═════ GIVEN INFORMATION ═════
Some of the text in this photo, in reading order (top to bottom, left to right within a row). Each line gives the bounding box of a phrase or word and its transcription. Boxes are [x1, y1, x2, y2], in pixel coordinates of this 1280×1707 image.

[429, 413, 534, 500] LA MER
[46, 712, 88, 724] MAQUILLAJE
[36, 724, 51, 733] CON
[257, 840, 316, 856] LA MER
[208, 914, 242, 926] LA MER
═════
TASK REQUIREMENTS: An exact restatement of the data is required.

YOUR RESPONSE:
Some of the text in this photo, in reading order (top to bottom, left to right within a row). Each line gives the bounding box of a phrase or word and its transcription. Boxes are [x1, y1, x2, y2], in pixel coordinates of this 1280×1707 image.

[429, 413, 534, 500] LA MER
[46, 712, 88, 724] MAQUILLAJE
[36, 724, 51, 733] CON
[257, 840, 316, 856] LA MER
[208, 914, 242, 926] LA MER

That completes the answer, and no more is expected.